> [Exercise data]:
______________________________
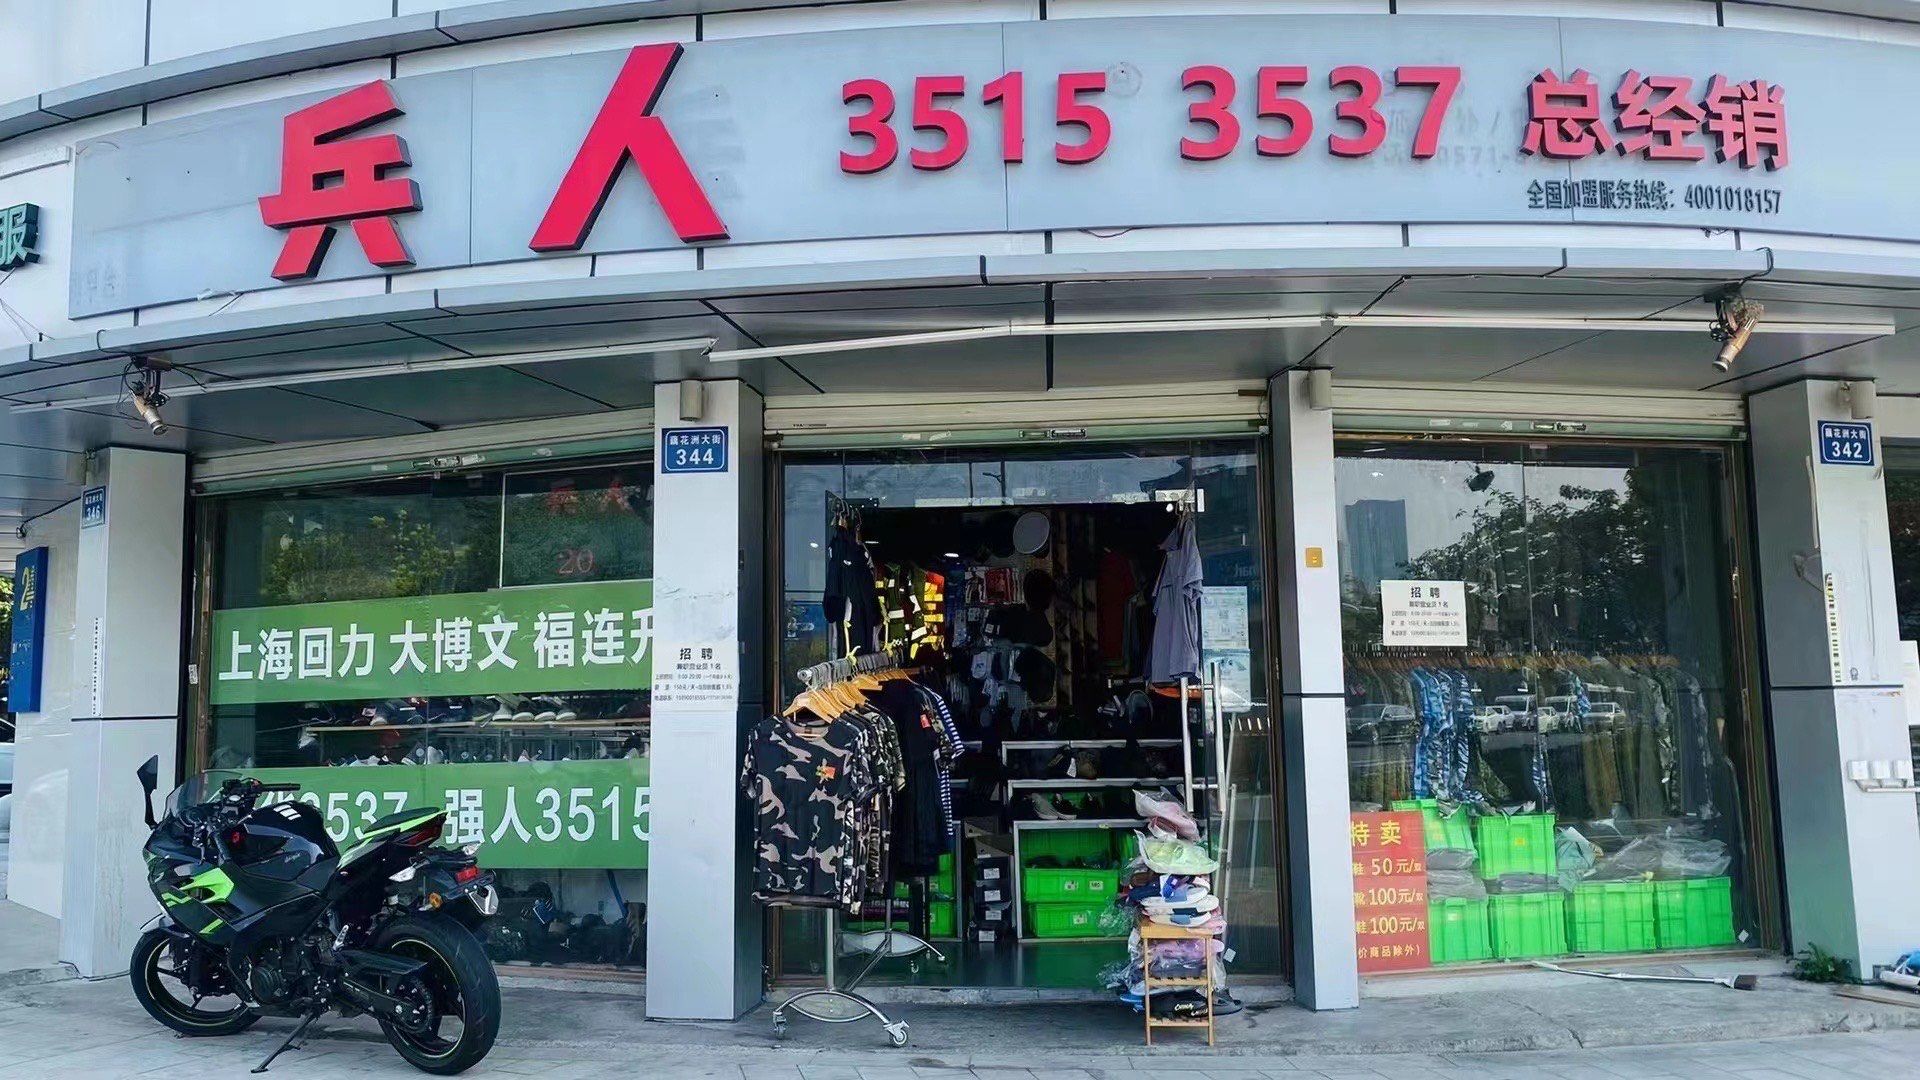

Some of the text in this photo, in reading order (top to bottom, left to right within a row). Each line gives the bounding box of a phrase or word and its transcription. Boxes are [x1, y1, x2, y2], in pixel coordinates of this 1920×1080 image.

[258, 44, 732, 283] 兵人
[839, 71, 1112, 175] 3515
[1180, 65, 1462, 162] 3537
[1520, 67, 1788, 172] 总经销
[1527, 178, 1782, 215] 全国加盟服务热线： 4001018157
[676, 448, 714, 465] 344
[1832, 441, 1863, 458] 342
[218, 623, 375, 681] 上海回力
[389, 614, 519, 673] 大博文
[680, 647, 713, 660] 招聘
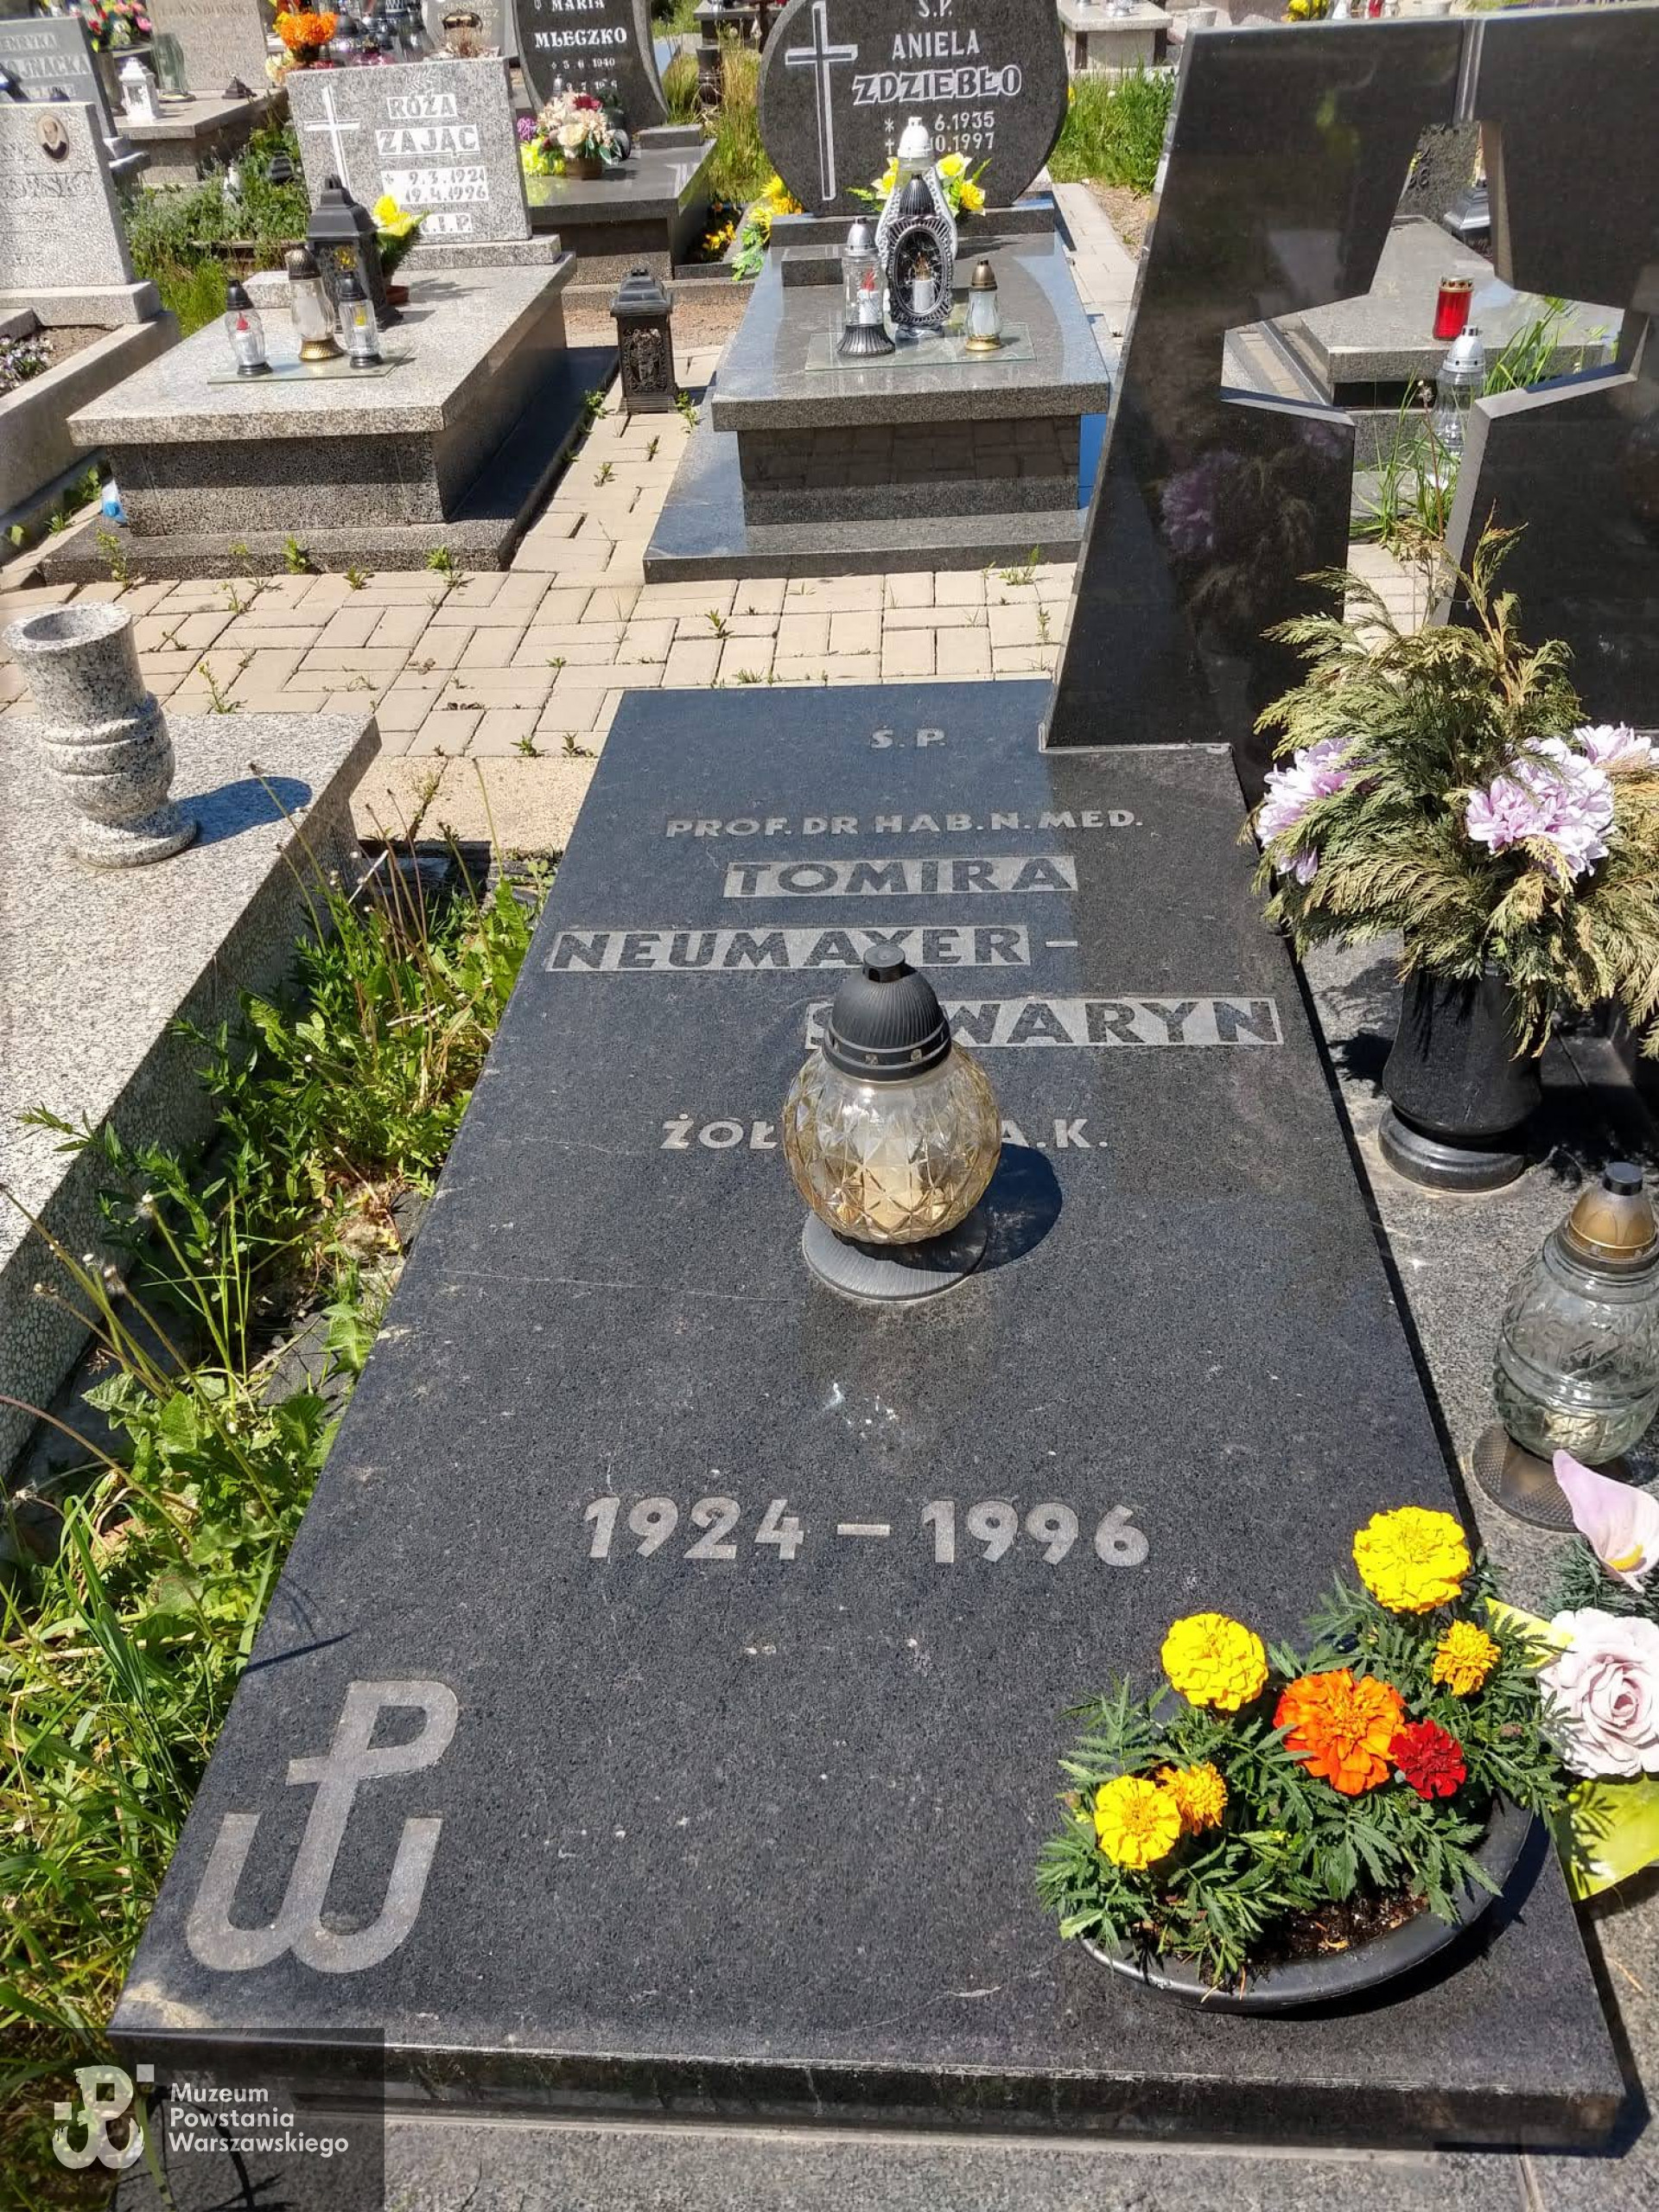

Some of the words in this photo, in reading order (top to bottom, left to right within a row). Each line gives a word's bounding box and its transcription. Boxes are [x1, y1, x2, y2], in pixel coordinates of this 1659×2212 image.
______________________________
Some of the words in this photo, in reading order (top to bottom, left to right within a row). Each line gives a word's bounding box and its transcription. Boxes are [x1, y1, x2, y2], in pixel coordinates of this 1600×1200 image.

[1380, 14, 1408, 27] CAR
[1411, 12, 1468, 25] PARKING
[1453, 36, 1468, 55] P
______________________________
> [Work request]: Treat the line with "Some of the text" as the start and the line with "this 1659×2212 image." as the end, and return exactly that span of the data above, both ends included, without pictures.

> [Response to the exercise]:
Some of the text in this photo, in reading order (top to bottom, left to right within a row). Each line gives the bounding box of a phrase or word and its transcription. Boxes are [x1, y1, x2, y2], in pixel coordinates of this 1920×1080 image.

[258, 44, 732, 283] 兵人
[839, 71, 1112, 175] 3515
[1180, 65, 1462, 162] 3537
[1520, 67, 1788, 172] 总经销
[1527, 178, 1782, 215] 全国加盟服务热线： 4001018157
[676, 448, 714, 465] 344
[1832, 441, 1863, 458] 342
[218, 623, 375, 681] 上海回力
[389, 614, 519, 673] 大博文
[680, 647, 713, 660] 招聘

Some of the words in this photo, in reading order (top to bottom, left to right within a row). Each line gives a word's bounding box and its transcription. Boxes are [x1, y1, x2, y2], in pixel coordinates of this 1659×2212 image.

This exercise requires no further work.